Sim, um doido. E nunca foi feliz. Veio um dia a catástrofe e incendiou-lhe a casa: mais tarde enganaram-no, mentiram-lhe. E não faltou a doença a escalavrá-lo brocando-lhe a cara e a tísica a romper-lhe o peito com tosse, nem a miséria a deprimi-lo. É por isso que ele, ao sacar das casas o caixão dos mortos como quem o arranca do peito dos que ficam, decerto ri por dentro, há-de rir consolado.

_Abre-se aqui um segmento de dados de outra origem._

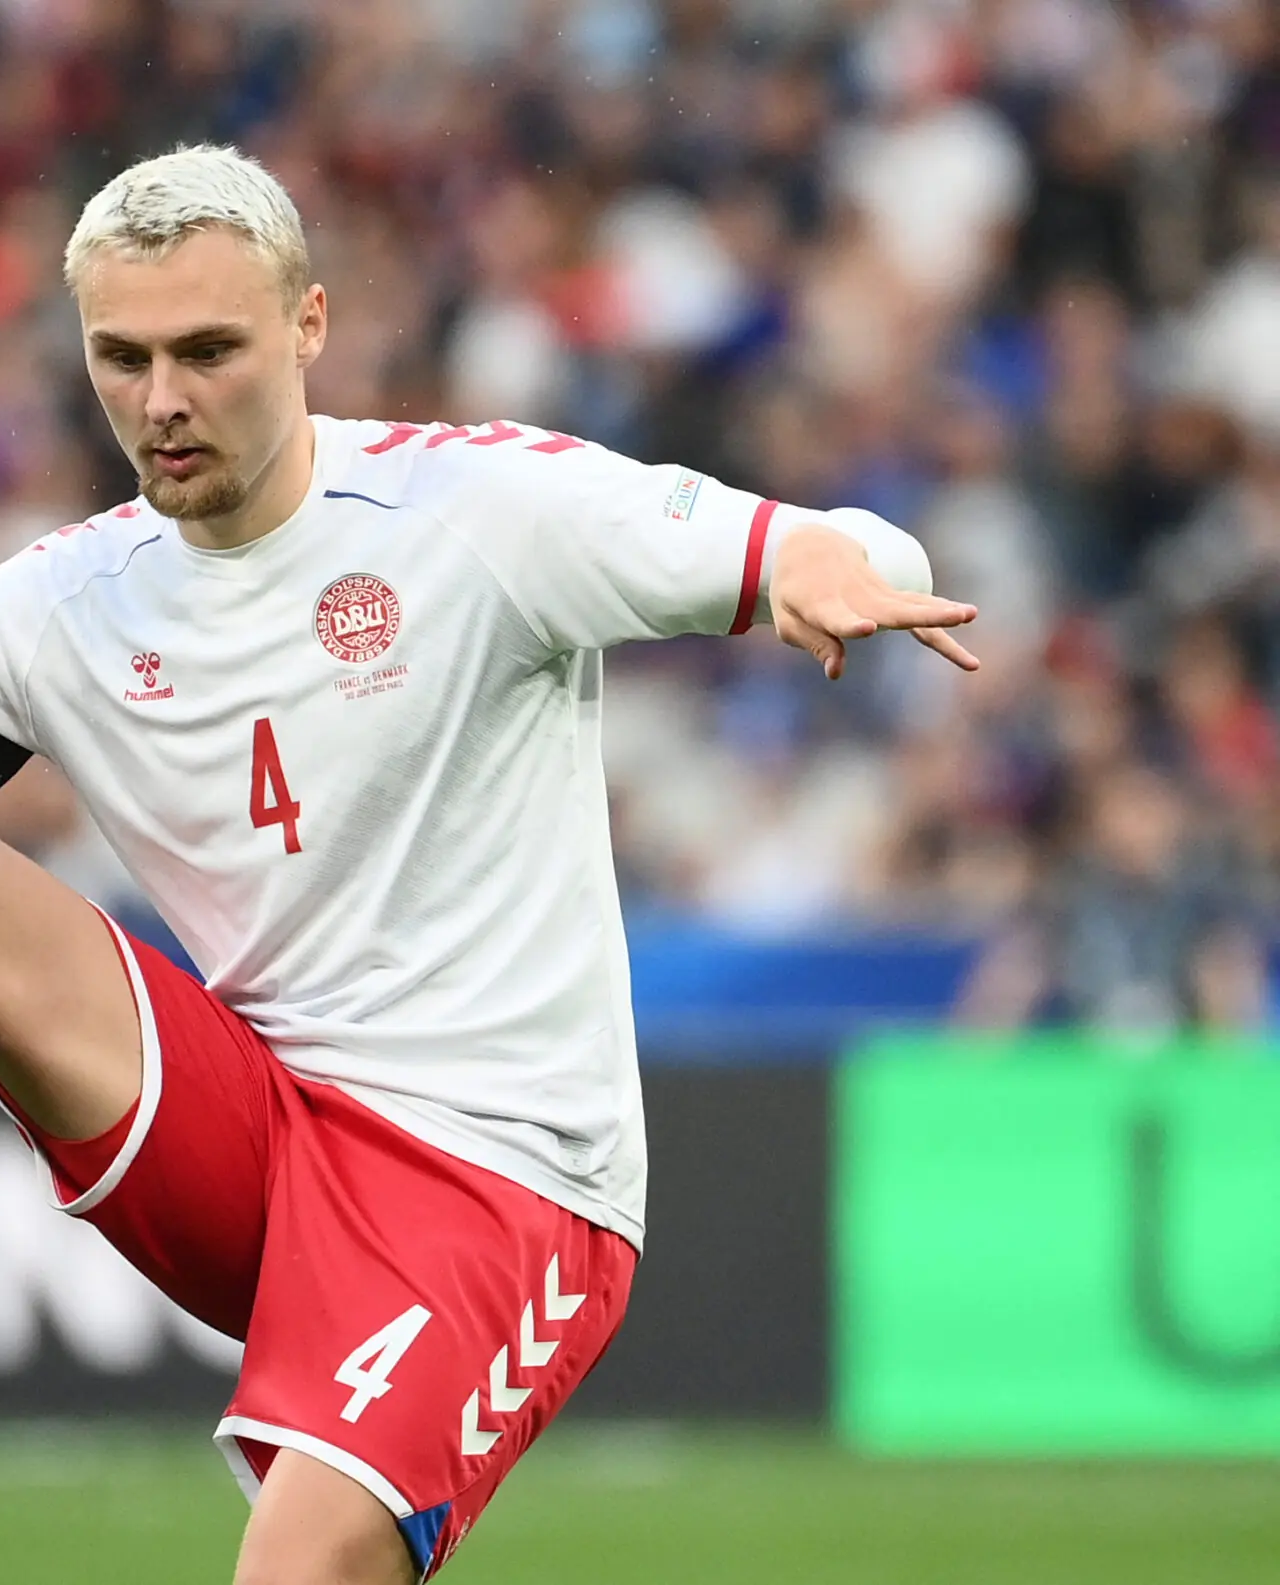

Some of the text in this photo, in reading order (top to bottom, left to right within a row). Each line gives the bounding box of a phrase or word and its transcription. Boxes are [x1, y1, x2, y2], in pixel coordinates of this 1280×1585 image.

[317, 609, 345, 657] DANSK
[383, 594, 400, 643] UNION
[332, 601, 386, 637] DBU
[348, 644, 383, 661] 1889
[124, 683, 174, 701] hummel
[334, 676, 360, 692] FRANCE
[372, 663, 409, 682] DENMARK
[250, 717, 302, 854] 4
[334, 1303, 432, 1423] 4
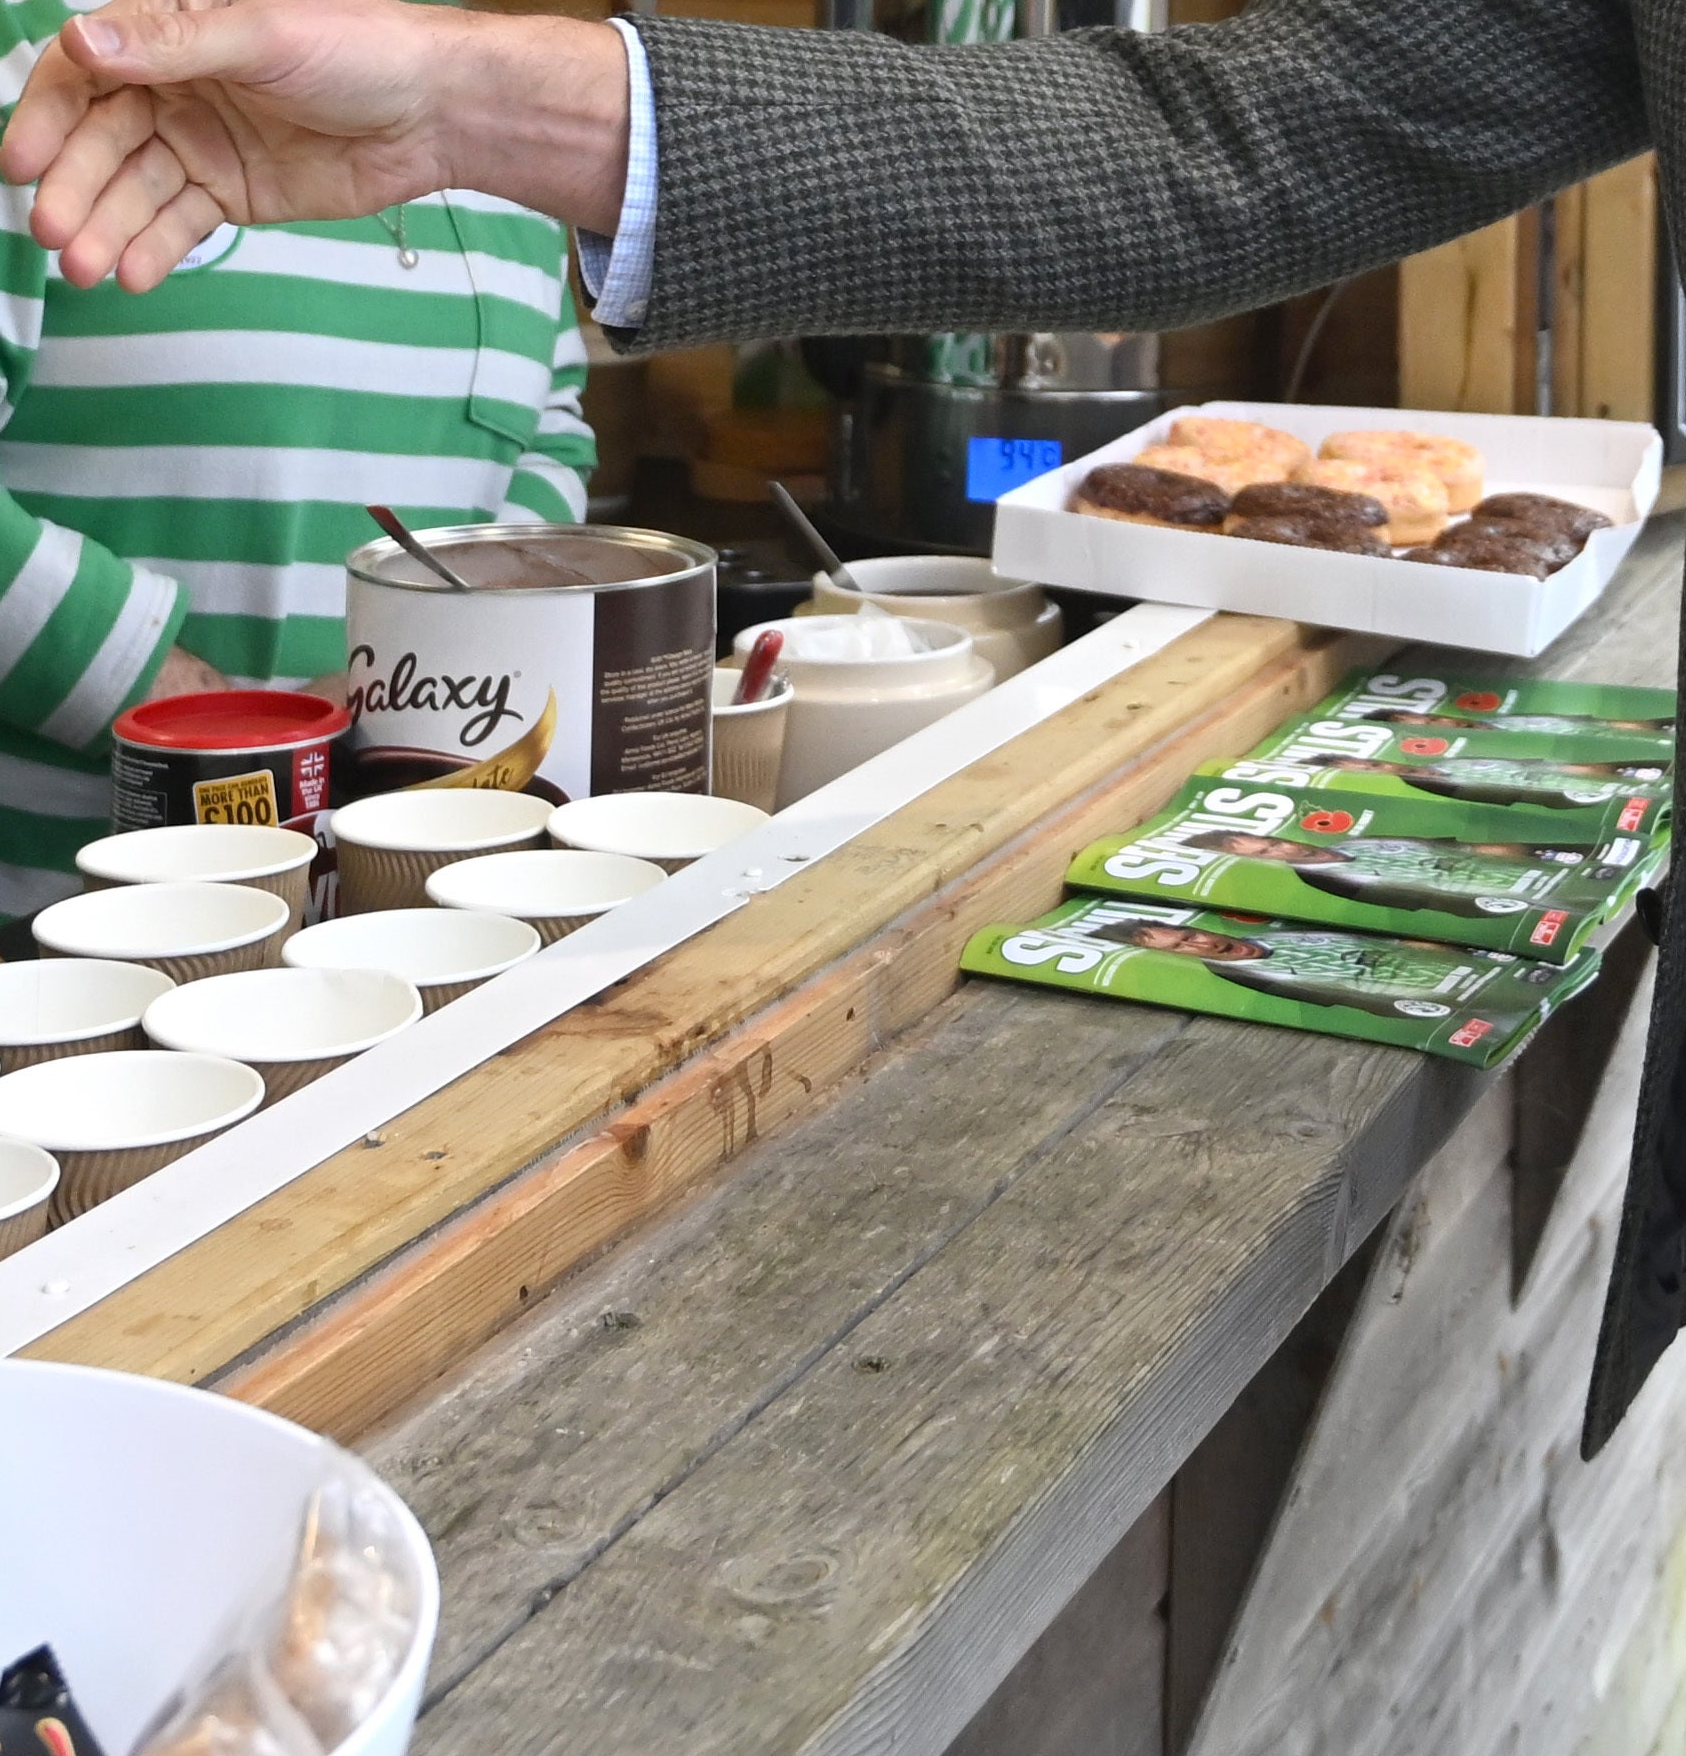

Apedrejam-no os garotos ao vê-lo passar para os enterros, fogem dele os vizinhos e só uma mulher, tão maltratada pelo destino como ele, fala ao gato-pingado.
Foi sempre assim: raquítica, triste e feia. A vida para ela tem sido sustentar primeiro a mulher que a tirou do asilo, depois o homem com quem casou, e que logo a deixou sozinha. Só com o gato-pingado conversa às vezes. Diz sempre as mesmas coisas e com que mesquinhas palavras! Mal sabe exprimir-se. Falam os dois como podem comunicar entre si as pedras, os seres que o acaso rola juntos no mesmo vagalhão da vida. Nem se queixam – e de que se hão-de queixar? Deus os sustenta na sua mão de pai.
– A gente é pobre – diz, ele.
– A gente é pobre – diz ela. – E às vezes passa fome.
– Passa.
– Quando a minha mãezinha era viva, eu rapava fome. Era preciso dar-lhe o sustento e eu mal o ganhava para mim. Ate que acabou de penar os seus trabalhos.
Tudo se acaba um dia.
– Pior do que isso é não ter ninguém. É pior do que a fome.
– É o pior de tudo.
– Que se há-de fazer?
– Sabe vossemecê? olhe que eu às vezes ponho-me a cismar porque é que a gente sofre...
E o vento ulula. No coração do inverno o enxurro leva as lágrimas que ensoparam a terra e a lufada arrasta os gemidos para um destino ignorado. Rola as lágrimas dos pobres, nalguma nuvem perdida, e gemidos, ais, palavras leva-as o vento consigo.